Masacres chilenas

Carabineros resguarda la cuadra del tiroteo en Puente Alto
Carabineros resguarda la cuadra donde un individuo disparo y dio muerte a 5 personas en un casino ilegal de la Comuna de Puente Alto. FOTO: SEBASTIAN BELTRAN GAETE/AGENCIAUNO

Anoto esto porque hay una desproporción en el interés que estas masacres exhiben y el que le pueden provocar a los ciudadanos nuestros hechos de violencia locales. La semana pasada, en Puente Alto, un hombre entró a un local de juegos y mató a cinco personas. Disparó 70 tiros y luego escapó. La historia dejó de tener interés rápidamente.

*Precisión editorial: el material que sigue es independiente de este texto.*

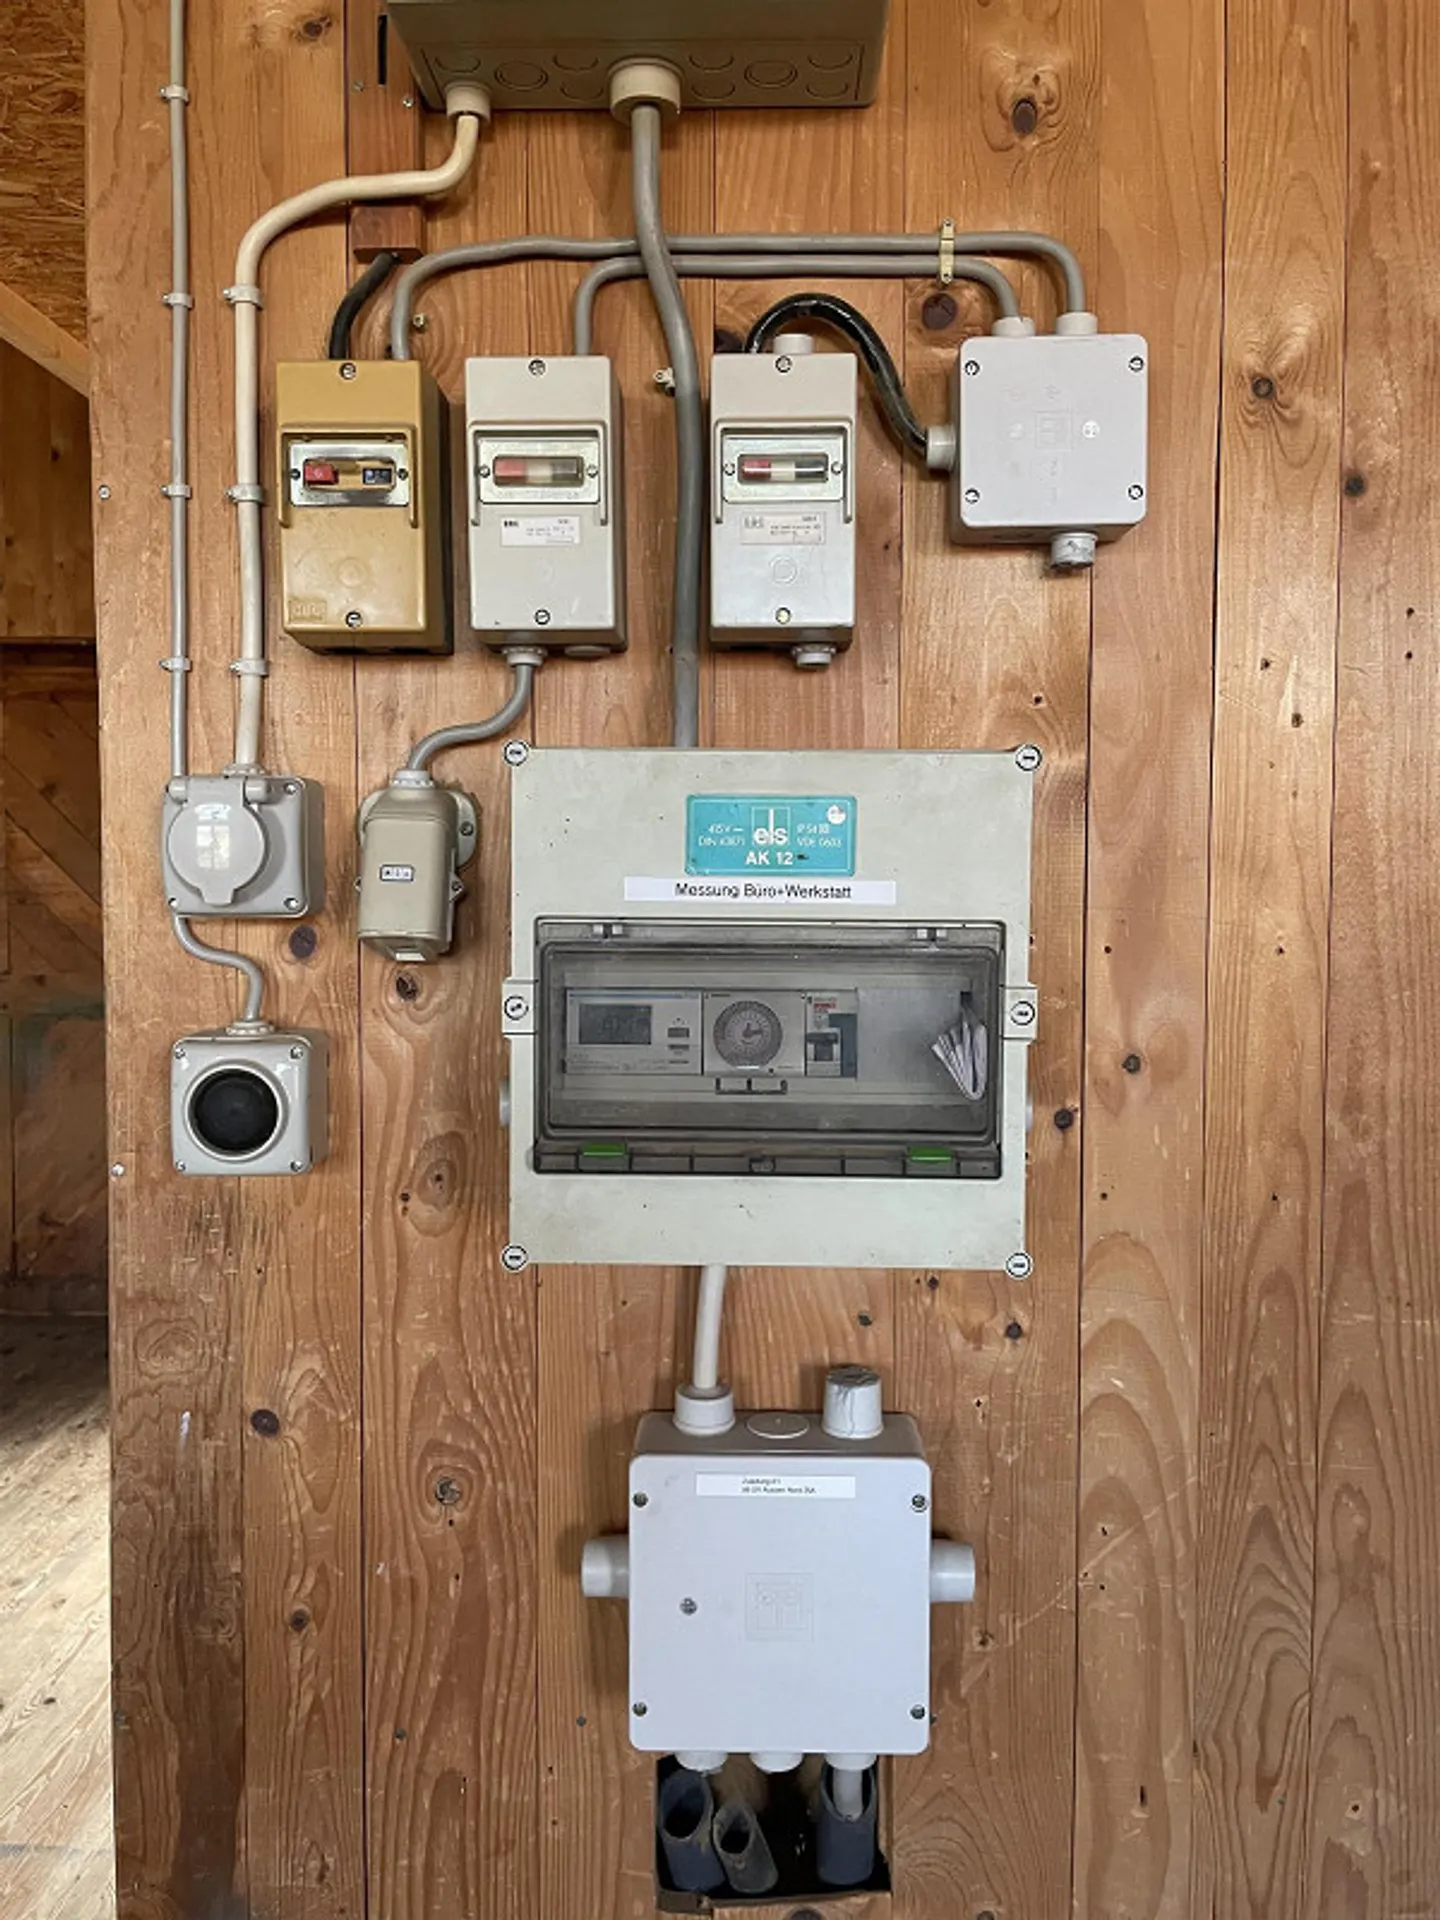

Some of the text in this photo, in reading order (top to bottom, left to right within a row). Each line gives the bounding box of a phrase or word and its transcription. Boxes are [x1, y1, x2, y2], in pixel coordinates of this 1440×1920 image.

Existe una inquietante fascinación periodística por los tiroteos masivos en Estados Unidos. Aquella no es nueva, viene desde hace décadas pero estos años parece haberse actualizado con peculiar fervor. Nada raro, pues en un país que quiere debatir sobre el porte legal de armas, el asesinato es una especie de subcultura que emite su ola de expansión al mundo. De este modo, sabemos más del mapa de las masacres en lugares como El Paso o Florida que las que ocurren en los barrios de las ciudades latinoamericanas, asediados por el narco y su propios rituales de violencia. De hecho, el culto a los asesinos de masas existe ahí como un panteón oscuro; figuras de quienes conocemos tanto sus rostros como sus manifiestos políticos y enfermedades psiquiátricas y donde los testimonios de sus familiares y vecinos conviven con las fotografías de sus patios o de sus habitaciones de la infancia.

La figura omnipresente de Donald Trump y su delirio ideológico y sus tweets desquiciados solo amplifican la extrañeza, que quizás se traduce en cierta anestesia moral, como bien refirió el inglés John Oliver al comienzo de uno de uno de los últimos capítulos de su show semanal por HBO. Esa anestesia se explica quizás porque accedemos a estas imágenes e historias de muerte como noticias aunque, en realidad, toda información está empacada para ser consumida como un puro espectáculo, del mismo modo en que las piezas bélicas del ejército esclavista de la Guerra Civil son presentadas como fetiches familiares en shows como "El precio de la historia", que exponen el detritus de aquella tradición de violencia como un museo vivo, capaz de iluminar el presente. Es interesante ver esos shows, que tratan a las armas como objetos sagrados, puras reliquias que merecen ser autentificadas y veneradas, para quedar expuestas en vitrinas donde la luz les pega de manera perfecta, haciendo que los detalles exhiban el paso del tiempo, que las carga de peso emotivo y simbólico.

Anoto esto porque hay una desproporción en el interés que estas masacres exhiben y el que le pueden provocar a los ciudadanos nuestros hechos de violencia locales. La semana pasada, en Puente Alto, un hombre entró a un local de juegos y mató a cinco personas. Disparó 70 tiros y luego escapó. La historia dejó de tener interés rápidamente. Que hubiese cinco muertos dio lo mismo que los nombres y los rostros de los presuntos asesinos (aún prófugos), quienes dejaron de importar casi de inmediato. La masacre de Puente Alto se convirtió en una nota fugaz, apenas un parpadeo informativo del que era mejor esconder toda violencia pues nos remitía a un mundo concreto, a una colección de problemas que no podían ser explicados por ninguna teoría racial o culto morboso sino que, por el contrario, solo se convertía en otra muesca sobre el mapa de los crímenes del gran Santiago y sus bordes.

Porque no había show posible ahí. No era posible vender el crimen como entretención, su misterio era transparente en su horror. Basta ver la grabación que circuló del hecho, que corresponde a una de las cámaras del local y que tiene una resolución idéntica a las de todas las cámaras de seguridad de todos los negocios parecidos, puras imágenes fijas hechas de tiempo suspendido, idéntico en la morosidad del transcurso de las horas.

En ellas, aunque están editadas, podemos ver cómo la gente huye antes de descubrir el borde superior derecho de la pantalla la mano del asesino con el arma (el cargador parece de una automática, es más largo que el de un revólver común) mientras el grueso de su cuerpo queda fuera de campo, al modo de una súbita presencia ominosa que interrumpe lo cotidiano para quebrarlo para siempre. Así, el acto de violencia existe como un mapa de la ciudad que no puede ser dibujado con el sensacionalismo frenético de las tomas aéreas de helicópteros o drones sino con los fragmentos de la vida real de este invierno donde el frío se cuela por las ventanas enrejadas de las casas o la luz pesada que cae sobre las esquinas de Santiago. Es la nitidez de aquello que no queremos ver, las coordenadas de nuestra propia cultura de la muerte.